PROBLEM TO WORK ON — Exact transcription of the following records is needed, with every picture dropped.

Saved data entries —
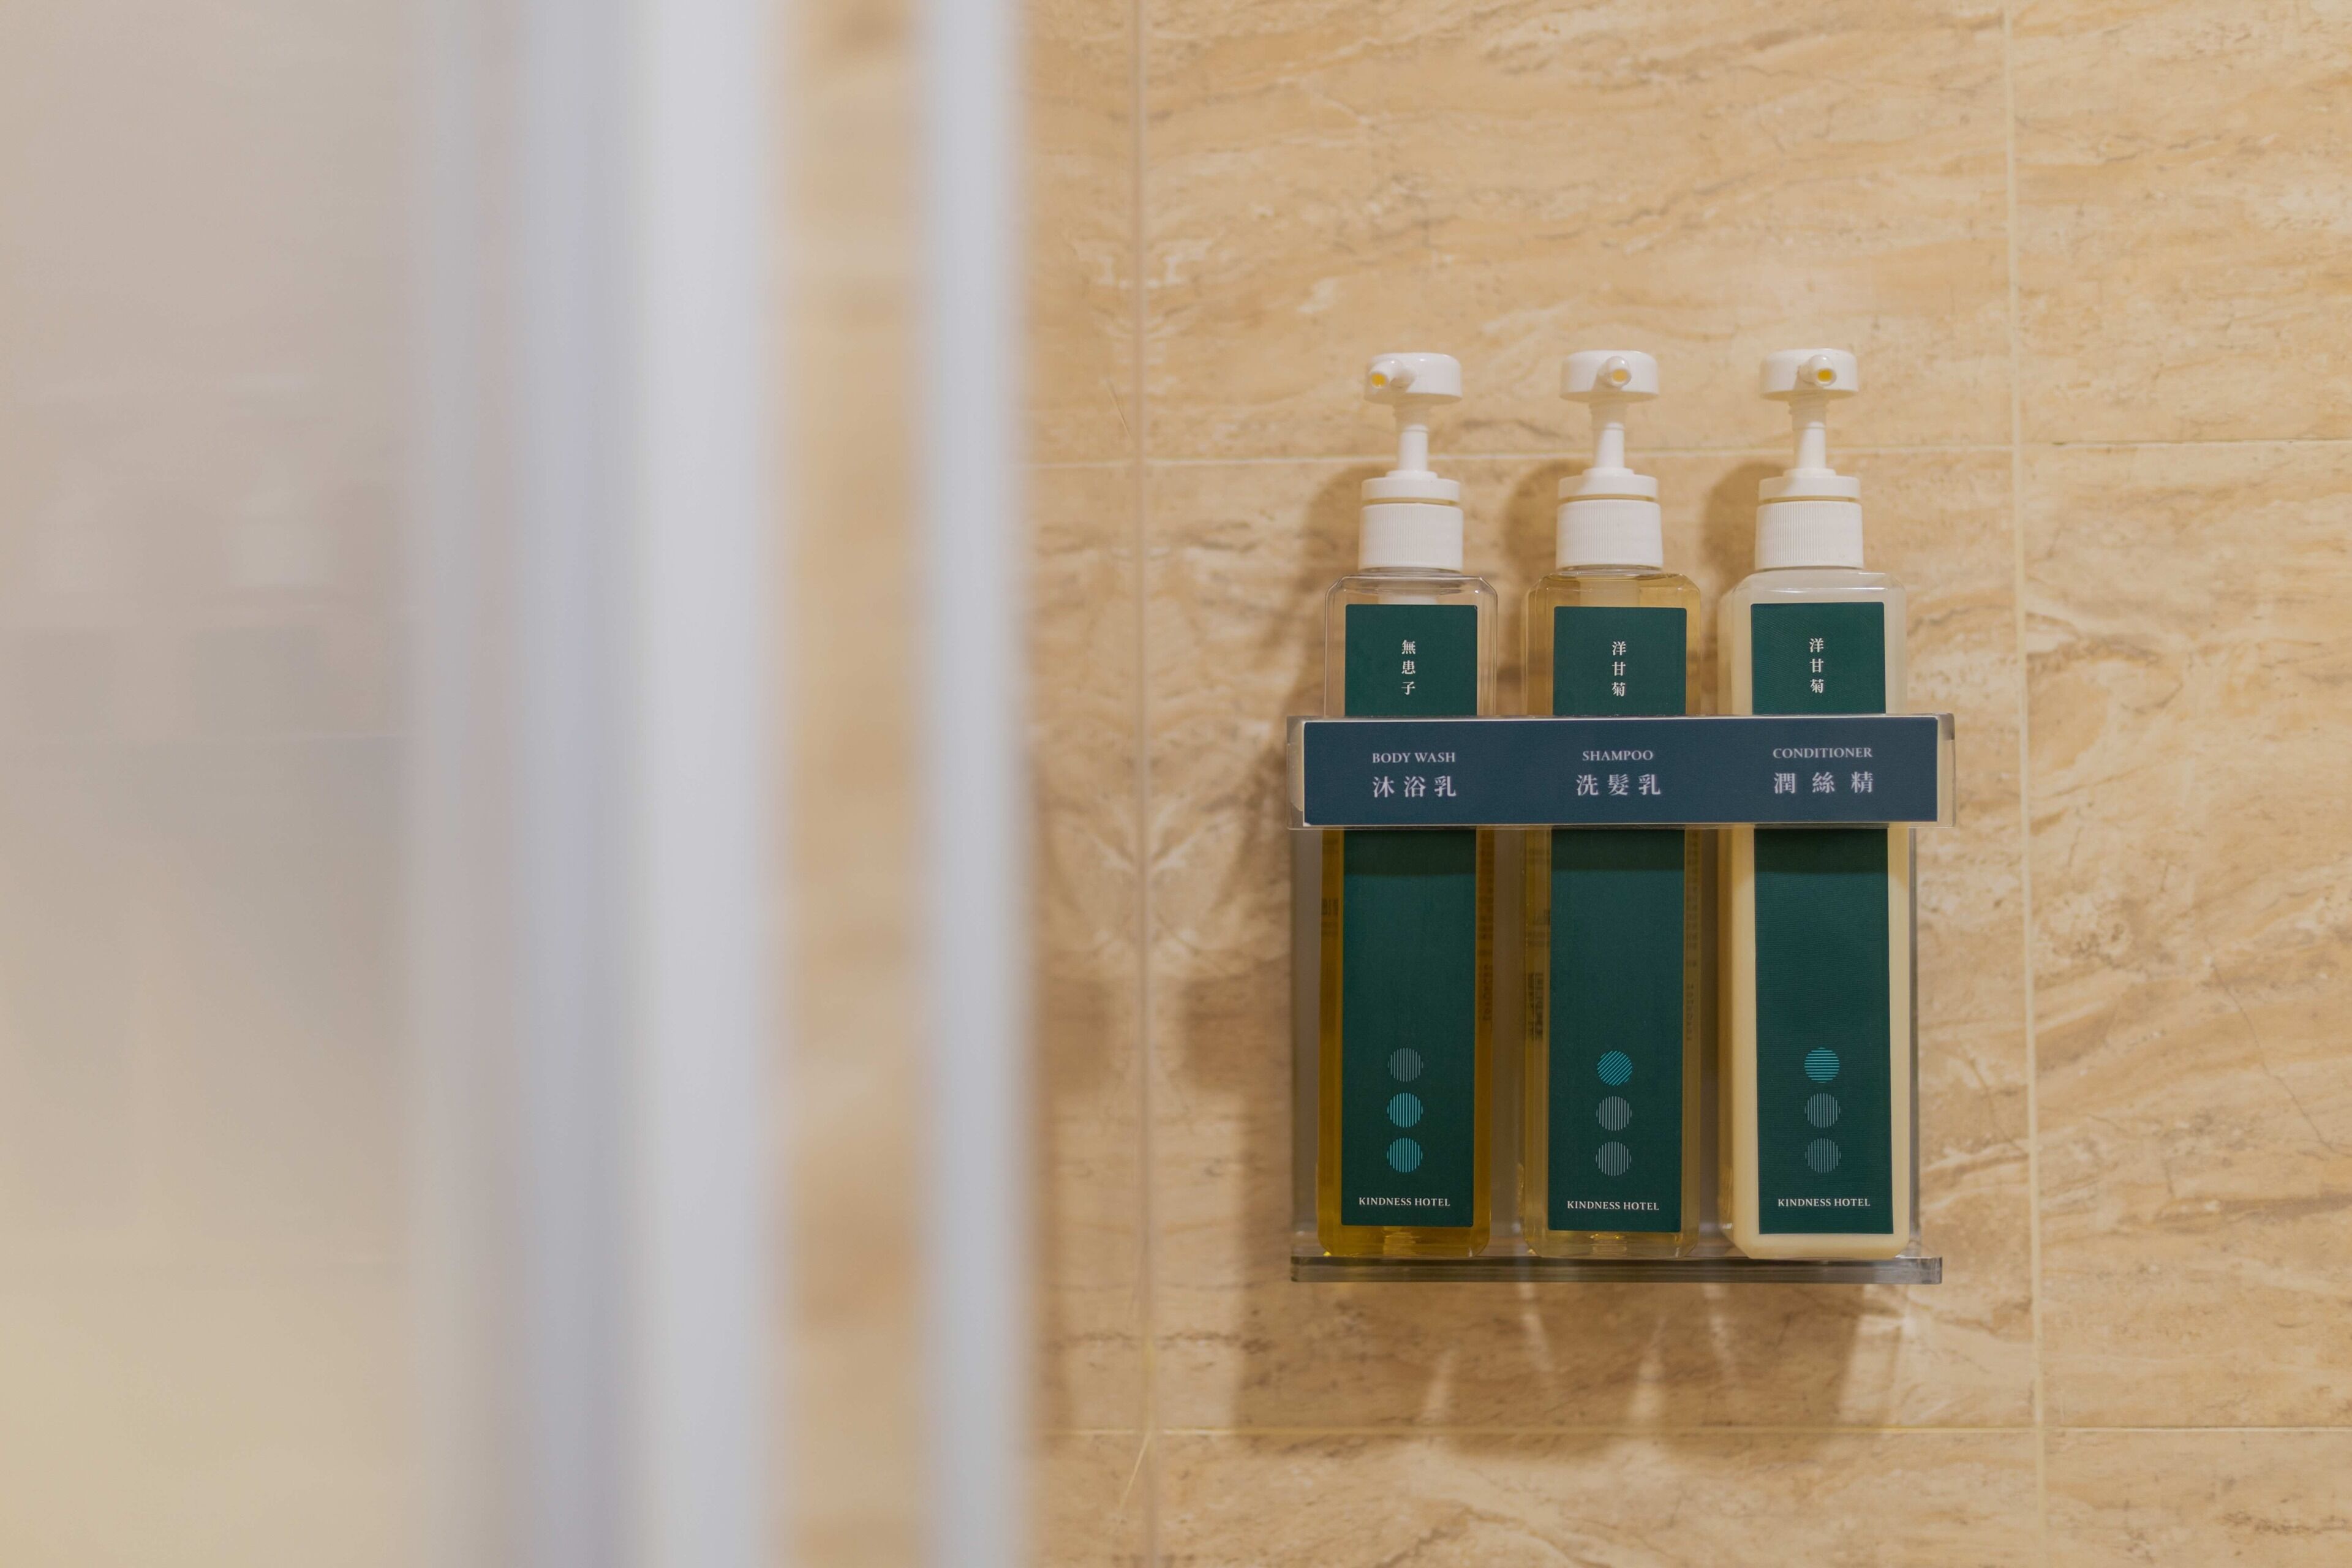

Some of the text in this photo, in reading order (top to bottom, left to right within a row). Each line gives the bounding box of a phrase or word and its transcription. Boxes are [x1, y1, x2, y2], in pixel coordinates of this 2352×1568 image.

[1401, 640, 1416, 695] 無患子
[1611, 641, 1627, 697] 洋甘菊
[1809, 638, 1825, 694] 洋甘菊
[1372, 752, 1456, 764] BODY WASH
[1582, 750, 1654, 761] SHAMPOO
[1773, 747, 1873, 759] CONDITIONER
[1372, 775, 1457, 798] 沐浴乳
[1576, 774, 1661, 796] 洗髮乳
[1773, 771, 1874, 794] 潤絲精
[1359, 1197, 1450, 1207] KINDNESS HOTEL
[1567, 1200, 1659, 1211] KINDNESS HOTEL
[1777, 1198, 1871, 1207] KINDNESS HOTEL
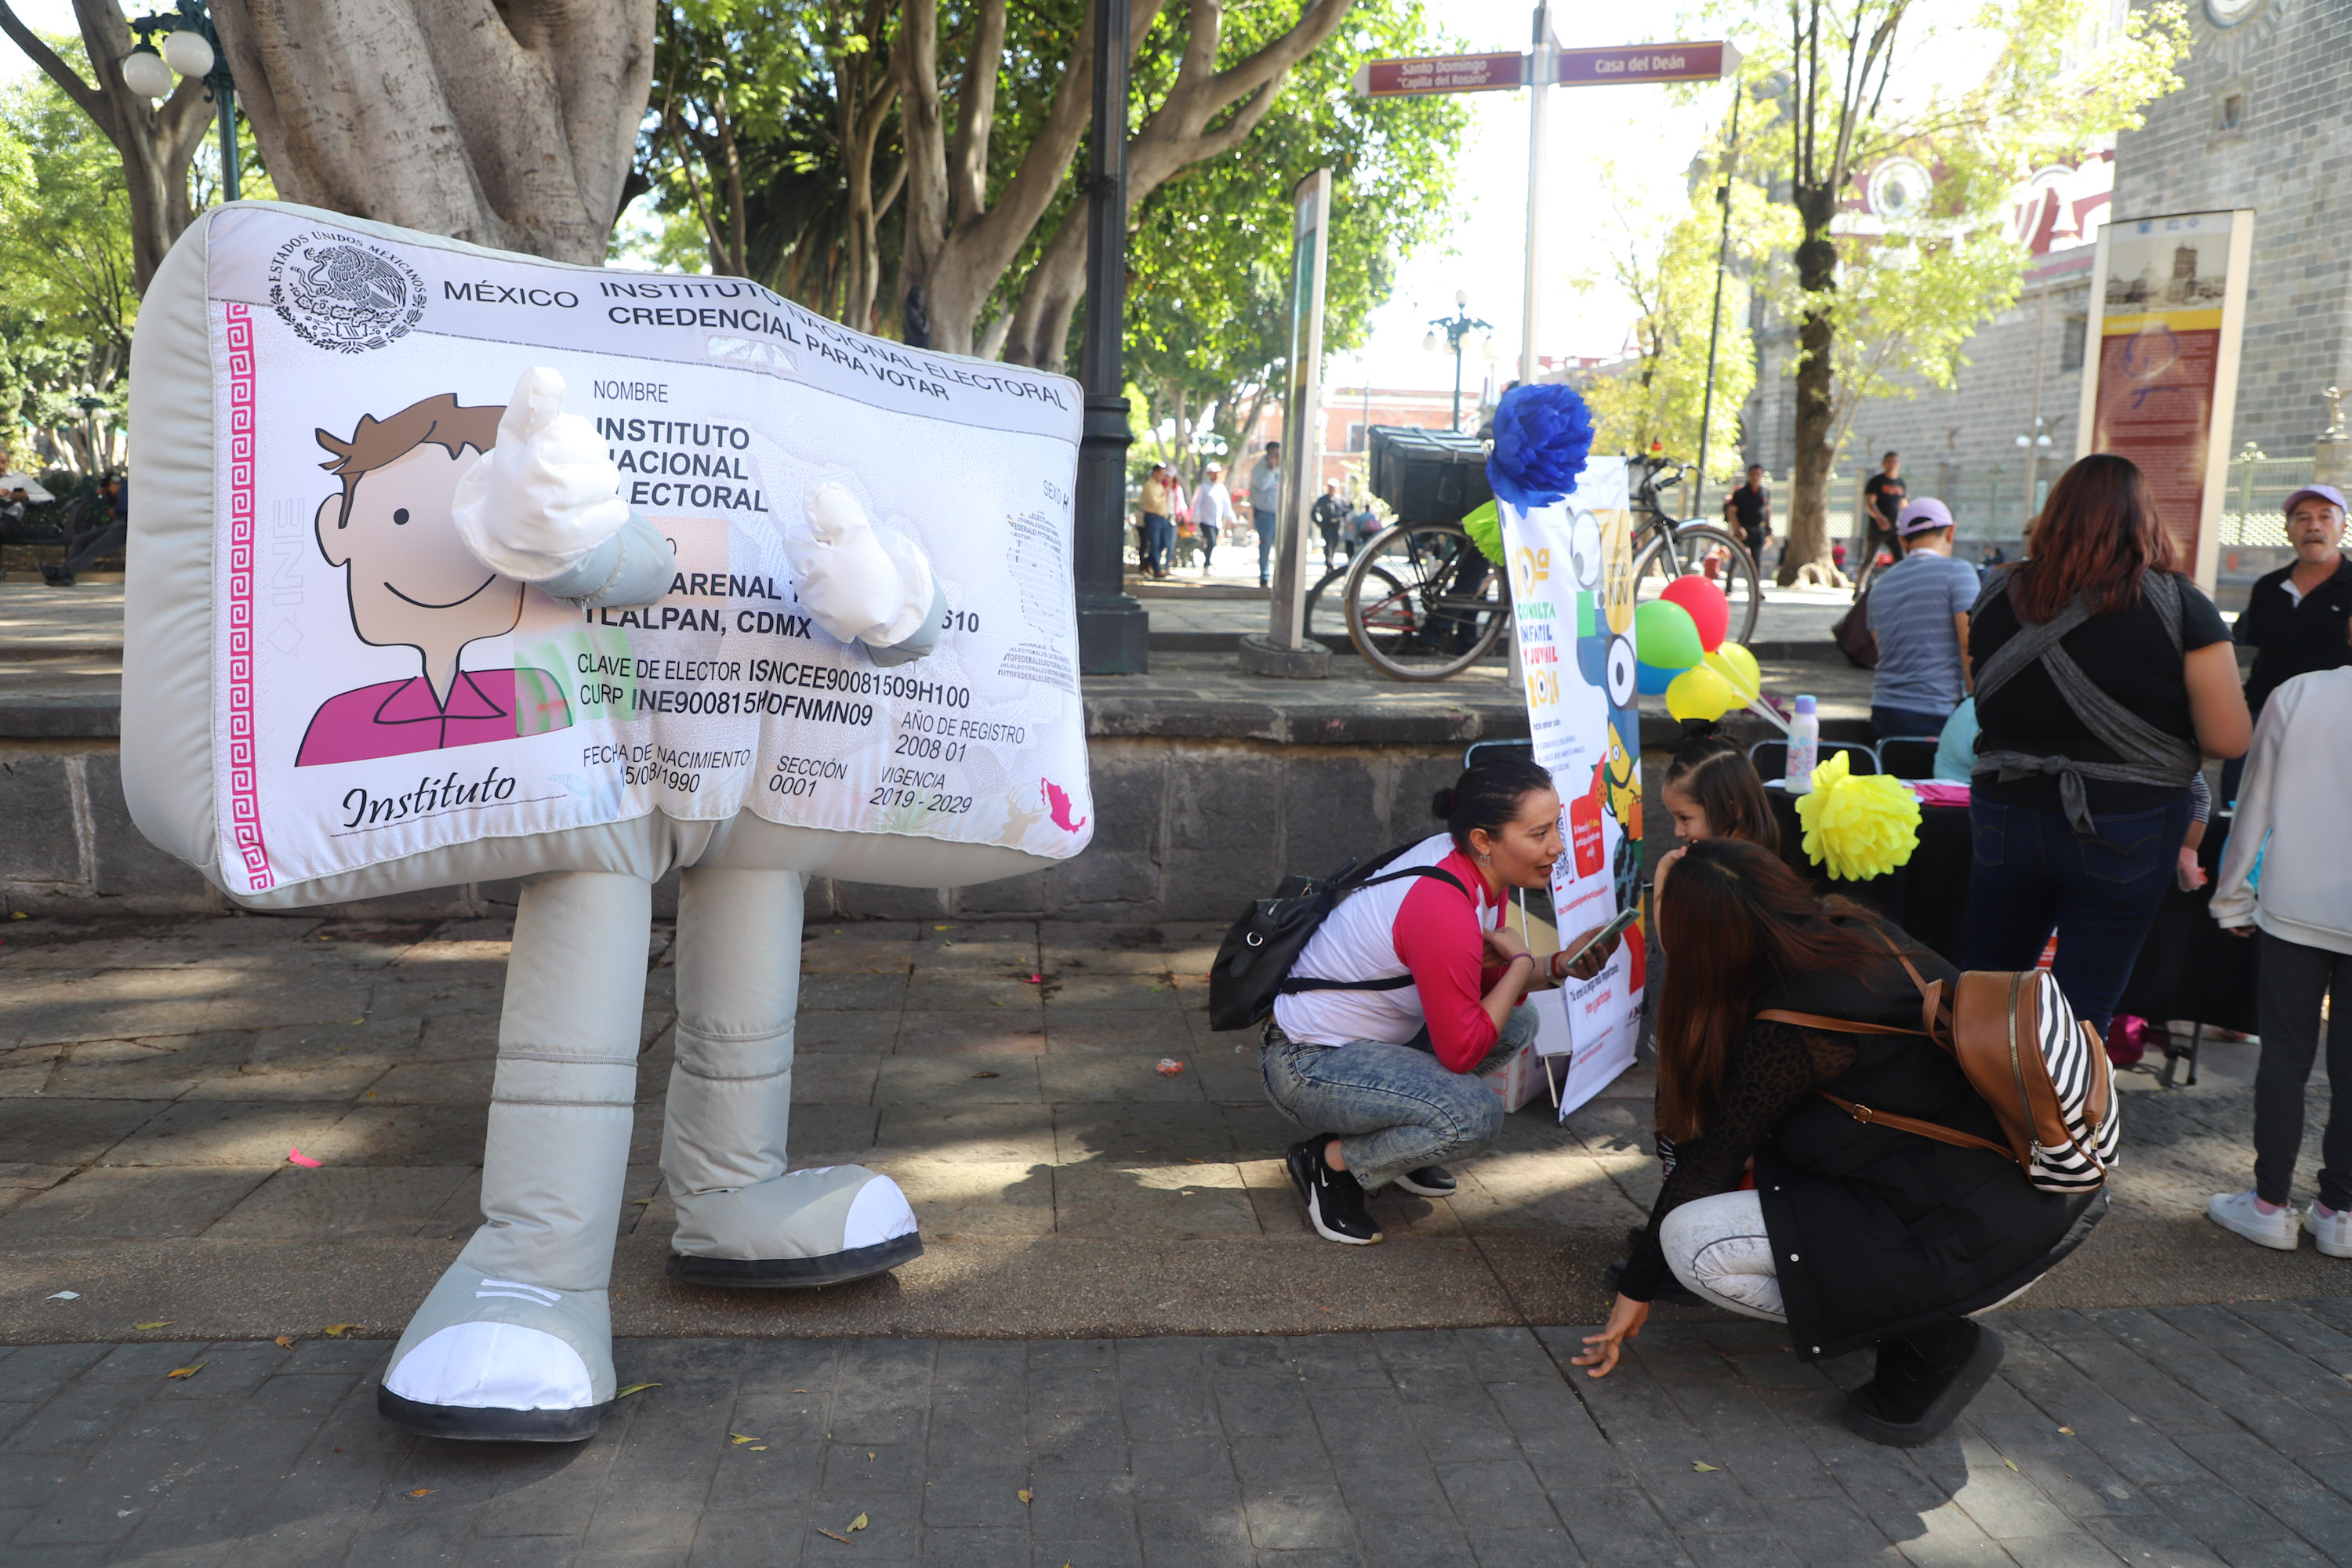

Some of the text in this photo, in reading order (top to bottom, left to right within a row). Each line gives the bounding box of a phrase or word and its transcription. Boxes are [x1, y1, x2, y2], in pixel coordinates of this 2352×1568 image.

SOLVED EXERCISE —
Some of the text in this photo, in reading order (top to bottom, left to right within a row). Each line gives the bounding box of a phrase or word and its transcription. Boxes are [x1, y1, x2, y2], in pixel coordinates of this 2352×1568 image.

[1401, 640, 1416, 695] 無患子
[1611, 641, 1627, 697] 洋甘菊
[1809, 638, 1825, 694] 洋甘菊
[1372, 752, 1456, 764] BODY WASH
[1582, 750, 1654, 761] SHAMPOO
[1773, 747, 1873, 759] CONDITIONER
[1372, 775, 1457, 798] 沐浴乳
[1576, 774, 1661, 796] 洗髮乳
[1773, 771, 1874, 794] 潤絲精
[1359, 1197, 1450, 1207] KINDNESS HOTEL
[1567, 1200, 1659, 1211] KINDNESS HOTEL
[1777, 1198, 1871, 1207] KINDNESS HOTEL

Some of the text in this photo, in reading order (top to bottom, left to right within a row). Each line gives the bounding box of a phrase or word and its transcription. Boxes are [x1, y1, x2, y2], in pixel coordinates of this 2352×1568 image.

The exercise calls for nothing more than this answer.